6. Termination. This Subscription Agreement shall terminate and be void and of no further force and effect, and all rights and obligations of the parties hereunder shall terminate without any further liability on the part of any party in respect thereof, upon the earlier to occur of (i) upon the mutual written agreement of each of the parties hereto to terminate this Subscription Agreement or (ii) if any of the conditions to Closing set forth in Section 3.2 of this Subscription Agreement are not satisfied on or prior to June 13, 2022 and, as a result thereof, the transactions contemplated by this Subscription Agreement are not consummated at the Closing; provided, that nothing herein will relieve any party from liability for any willful breach hereof prior to the time of termination, and each party will be entitled to any remedies at law or in equity to recover losses, liabilities or damages arising from such breach.

7. Miscellaneous.

7.1 Further Assurances. At the Closing, the parties hereto shall execute and deliver such additional documents and take such additional actions as the parties reasonably may deem to be practical and necessary in order to consummate the Subscription as contemplated by this Subscription Agreement.

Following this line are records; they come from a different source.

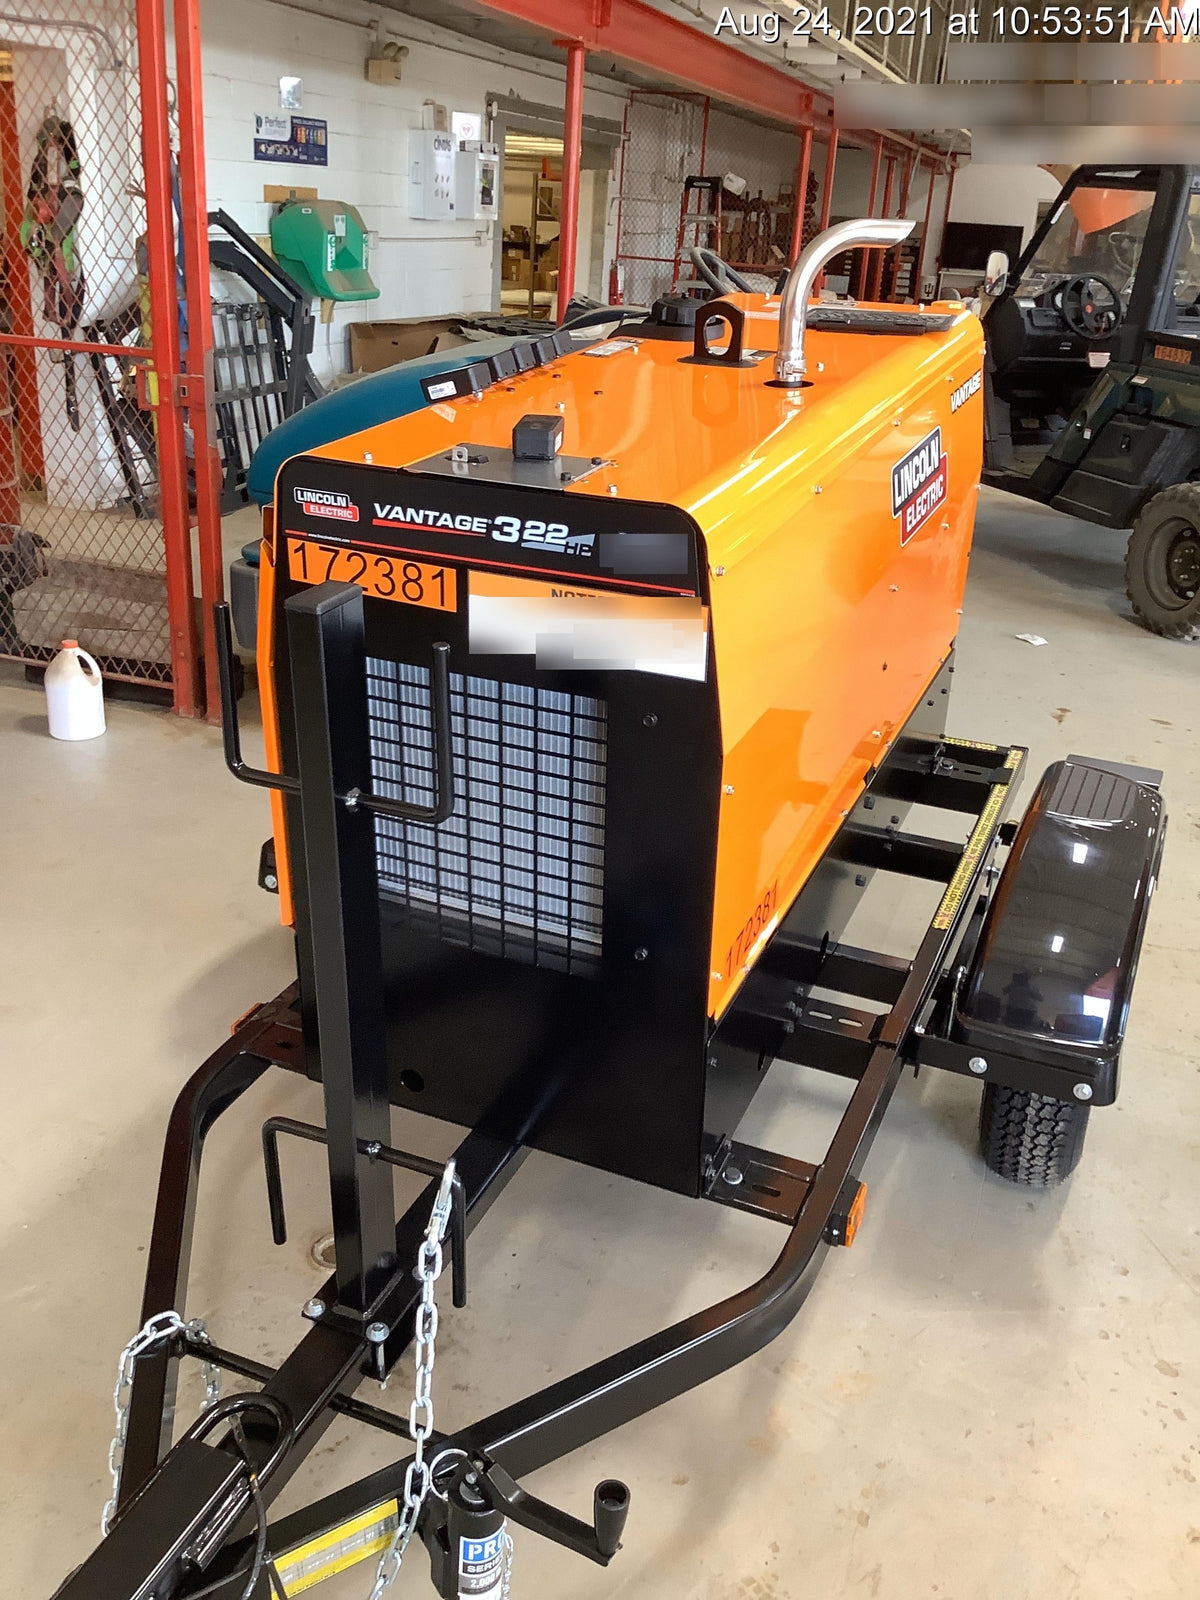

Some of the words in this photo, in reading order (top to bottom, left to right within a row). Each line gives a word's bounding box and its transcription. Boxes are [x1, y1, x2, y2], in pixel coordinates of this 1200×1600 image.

[894, 436, 939, 508] LINCOLN
[297, 490, 347, 507] LINCOLN
[309, 504, 354, 519] ELECTRIC
[373, 503, 488, 533] VANTAGE
[906, 473, 944, 533] ELECTRIC
[293, 542, 446, 607] 172381
[949, 891, 958, 903] NOT
[726, 878, 778, 978] 172381

7.1.1 Subscriber acknowledges that the Company and others will rely on the acknowledgments, understandings, agreements, representations and warranties contained in this Subscription Agreement. Prior to the Closing, Subscriber agrees to promptly notify the Company if any of the acknowledgments, understandings, agreements, representations and warranties set forth herein are no longer accurate in all material respects.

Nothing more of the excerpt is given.